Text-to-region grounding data

---

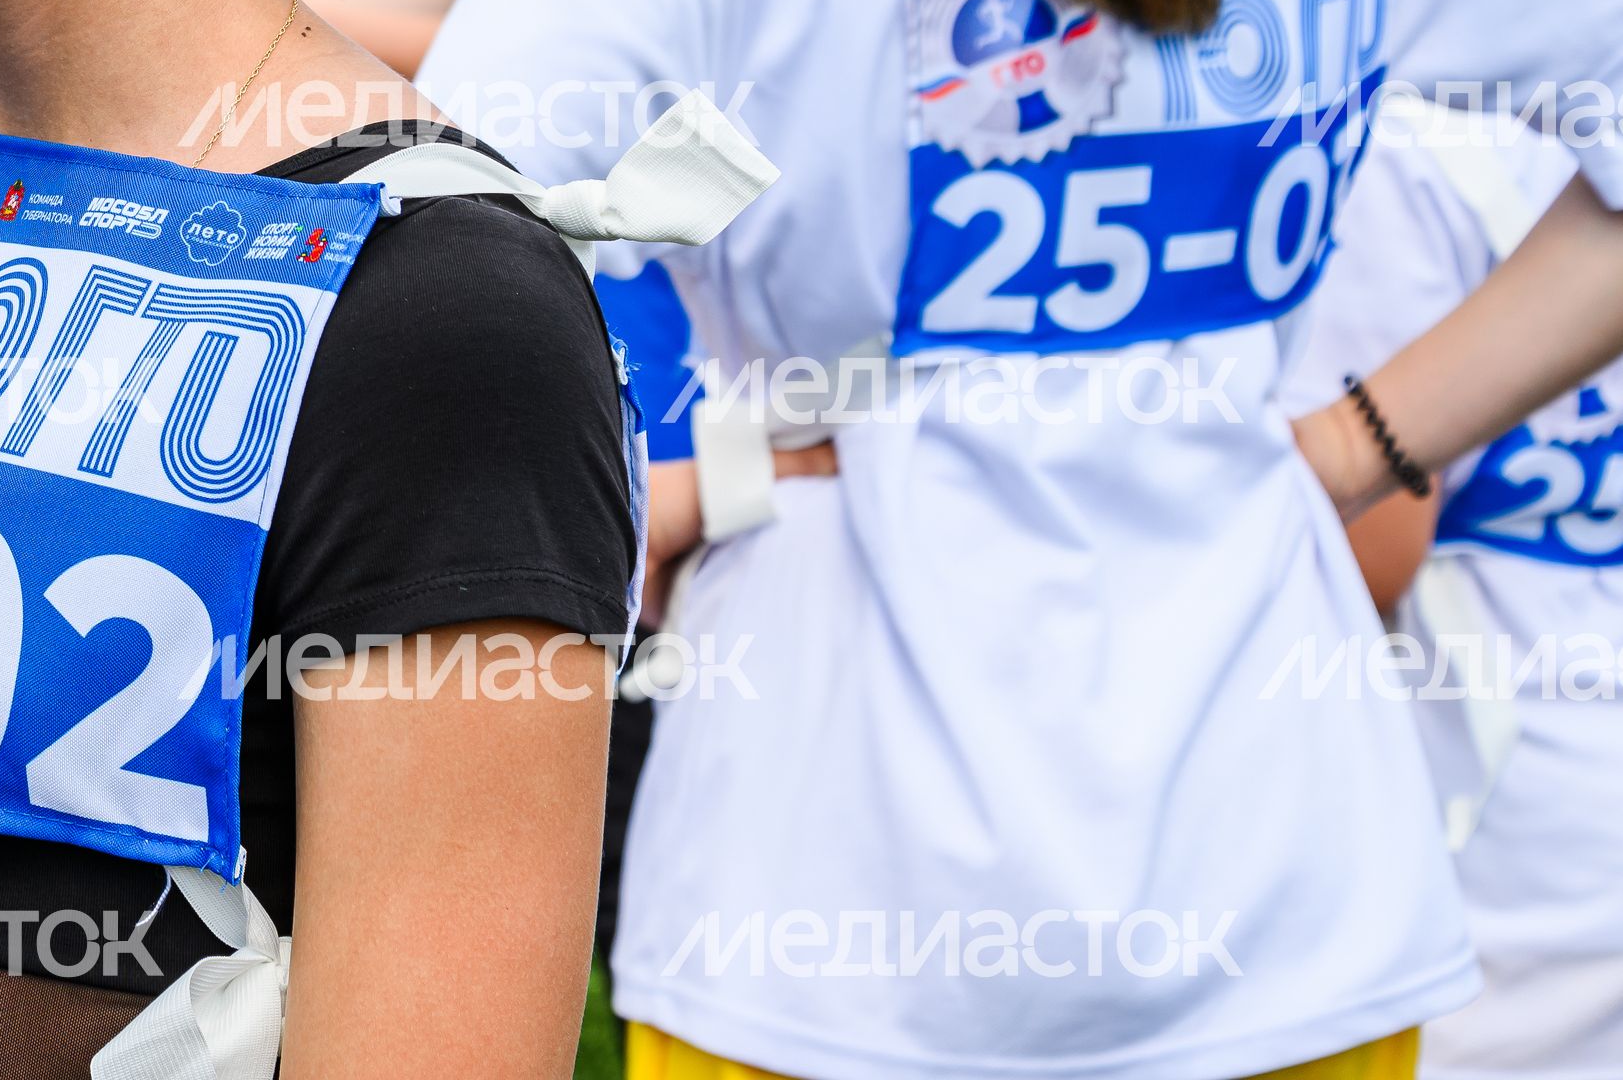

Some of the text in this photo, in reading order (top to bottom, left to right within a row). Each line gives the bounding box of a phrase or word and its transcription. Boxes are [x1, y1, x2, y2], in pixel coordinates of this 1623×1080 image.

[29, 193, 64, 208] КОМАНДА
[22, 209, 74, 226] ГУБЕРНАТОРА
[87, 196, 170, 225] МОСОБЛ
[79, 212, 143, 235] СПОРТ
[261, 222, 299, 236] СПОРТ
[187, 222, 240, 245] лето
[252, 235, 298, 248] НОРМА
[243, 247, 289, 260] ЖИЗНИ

---

__WHAT TO WORK ON__
Return the records above verbatim, images excluded.

__SOLVED PROBLEM__
Some of the text in this photo, in reading order (top to bottom, left to right within a row). Each line gives the bounding box of a phrase or word and its transcription. Boxes are [x1, y1, x2, y2], in pixel coordinates of this 1623×1080 image.

[29, 193, 64, 208] КОМАНДА
[22, 209, 74, 226] ГУБЕРНАТОРА
[87, 196, 170, 225] МОСОБЛ
[79, 212, 143, 235] СПОРТ
[261, 222, 299, 236] СПОРТ
[187, 222, 240, 245] лето
[252, 235, 298, 248] НОРМА
[243, 247, 289, 260] ЖИЗНИ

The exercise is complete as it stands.